Néanmoins, en ce beau mardi de début d'avril, Monsieur Aglobia, l'unique chimiste du lycée, était aux abonnés absents, ce qui signifiait que j'ai pu rentrer chez moi à quatorze heures et m'y retrouver seul. 

Mes parents étaient chacun au boulot et mes cinq sœurs avaient encore cours. Leur absence rend la grande maison familiale plutôt silencieuse mais ça ne me dérange nullement. J'aime le fait de me retrouver seul avec moi-même au moins une fois par mois. 

A peine ai-je ouvert la porte d'entrée que je lance mes chaussures à l'autre coin du salon; j'ai envie de me détendre et il faut que ça commence par un bien-être physique. J'ôte mon jeans, enfile mon short que j'ai laissé sur le divan avant de partir au lycée le matin même, avant de m'allonger de tout mon long. 

Mes yeux se ferment automatiquement, sans que je ne parvienne à le gérer; chose qui me rend fou car j'aurais préféré me mater un bon film ou partir à la recherche du maquillage que Hyacinthe a tendance à cacher depuis qu'elle a remarqué que je l'utilisais dans son dos. Néanmoins, mon métabolisme, ou corps, ou je ne sais quoi, ne semble pas d'accord avec mes projets. Je me suis donc contenté d'allumer la télévision, je suis tombé sur une émission plus souvent regardée par les grand-parents âgés entre 60 et 80 ans mais je m'en fout. 

Alors que le présentateur tentait une millionième blague à deux balles, je me suis endormi comme une masse. Peut-être était-ce ce dont j'avais le plus besoin, dans le fond. 

Au milieu d'un rêve étrange, un énorme bruit s'est fait entendre. Premièrement, je n'ai pas réagi parce que j'étais persuadé que ce n'était que Heath Ledger qui essayait de me sauver alors que je me battais héroïquement contre un monstre atroce. 

Le bruit s'est répété une seconde fois mais après quatre fois, j'ai bien dû réaliser que personne ne venait me sauver et que je ne suis absolument pas le héro de mon rêve. Il y a simplement quelque chose d'étrange qui se passe dans la véranda, dans la réalité. 

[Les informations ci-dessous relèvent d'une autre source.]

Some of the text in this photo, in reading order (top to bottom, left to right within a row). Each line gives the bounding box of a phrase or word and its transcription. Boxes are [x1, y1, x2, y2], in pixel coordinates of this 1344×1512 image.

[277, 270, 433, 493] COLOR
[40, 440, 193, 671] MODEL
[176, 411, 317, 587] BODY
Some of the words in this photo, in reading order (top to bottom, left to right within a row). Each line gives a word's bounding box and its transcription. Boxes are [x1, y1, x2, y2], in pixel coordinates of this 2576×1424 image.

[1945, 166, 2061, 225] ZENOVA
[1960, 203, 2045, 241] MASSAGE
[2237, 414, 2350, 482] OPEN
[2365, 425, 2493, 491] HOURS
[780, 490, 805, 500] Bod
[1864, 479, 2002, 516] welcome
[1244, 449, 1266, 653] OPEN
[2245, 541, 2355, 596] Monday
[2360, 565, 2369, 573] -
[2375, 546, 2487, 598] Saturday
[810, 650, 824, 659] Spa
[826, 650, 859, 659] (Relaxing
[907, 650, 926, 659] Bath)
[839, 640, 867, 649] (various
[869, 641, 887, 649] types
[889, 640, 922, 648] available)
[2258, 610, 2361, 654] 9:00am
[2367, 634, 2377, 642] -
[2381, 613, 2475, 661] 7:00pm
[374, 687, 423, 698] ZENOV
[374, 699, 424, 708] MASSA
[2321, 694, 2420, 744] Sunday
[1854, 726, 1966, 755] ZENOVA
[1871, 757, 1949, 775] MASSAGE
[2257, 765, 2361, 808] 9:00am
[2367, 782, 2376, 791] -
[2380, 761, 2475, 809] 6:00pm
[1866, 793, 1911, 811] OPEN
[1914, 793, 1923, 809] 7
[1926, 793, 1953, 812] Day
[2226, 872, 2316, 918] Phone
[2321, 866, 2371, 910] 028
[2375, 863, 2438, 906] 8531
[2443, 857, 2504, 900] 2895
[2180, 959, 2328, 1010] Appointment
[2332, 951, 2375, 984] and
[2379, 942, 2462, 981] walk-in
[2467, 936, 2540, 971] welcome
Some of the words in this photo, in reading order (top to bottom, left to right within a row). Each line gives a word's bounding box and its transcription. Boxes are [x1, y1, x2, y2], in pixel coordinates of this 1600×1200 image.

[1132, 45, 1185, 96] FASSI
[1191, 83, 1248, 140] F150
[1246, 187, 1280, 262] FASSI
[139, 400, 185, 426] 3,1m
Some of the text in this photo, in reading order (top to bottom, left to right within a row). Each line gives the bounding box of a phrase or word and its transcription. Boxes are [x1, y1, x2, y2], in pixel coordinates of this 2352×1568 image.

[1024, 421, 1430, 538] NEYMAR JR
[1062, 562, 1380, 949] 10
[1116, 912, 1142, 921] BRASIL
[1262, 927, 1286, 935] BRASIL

Je ne sais pas vraiment quoi faire car disons que mon physique ne m'offre pas la possibilité de me battre avec un quelconque voleur et puis, sans mentir, je ne suis pas le garçon le plus courageux qui existe: j'ai été éduqué entre cinq filles, merde !

J'ai pensé que téléphoner à mon père et attendre son arrivée en boule sous la table de la cuisine était une solution pas trop mal mais je sais que si je fait ça, ça reviendrait à brûler ma dignité et ensuite la déchiqueter. Non, j'ai plus de courage que ce que ma famille pense. J'attrape donc une lampe, une bête lampe de chevet- ça serait assez pour assommer celui qui essaie de rentrer chez moi par effraction- et me suis doucement approché de l'endroit d'où le bruit se fait entendre. 

À pas de loup, je débarque dans la véranda. Ma respiration est vachement saccadée et quelques gouttes de sueur perlent sur mon front. En temps normal, je me serais énervé car je prends tellement de temps à mettre mon fond de teint le matin que je ne peux rester calme lorsque mon minutieux travail se voit détruit, mais ce n'est certainement pas le moment de me prendre la tête avec ce genre de détail: je vais peut-être mourir durant la minute suivante. 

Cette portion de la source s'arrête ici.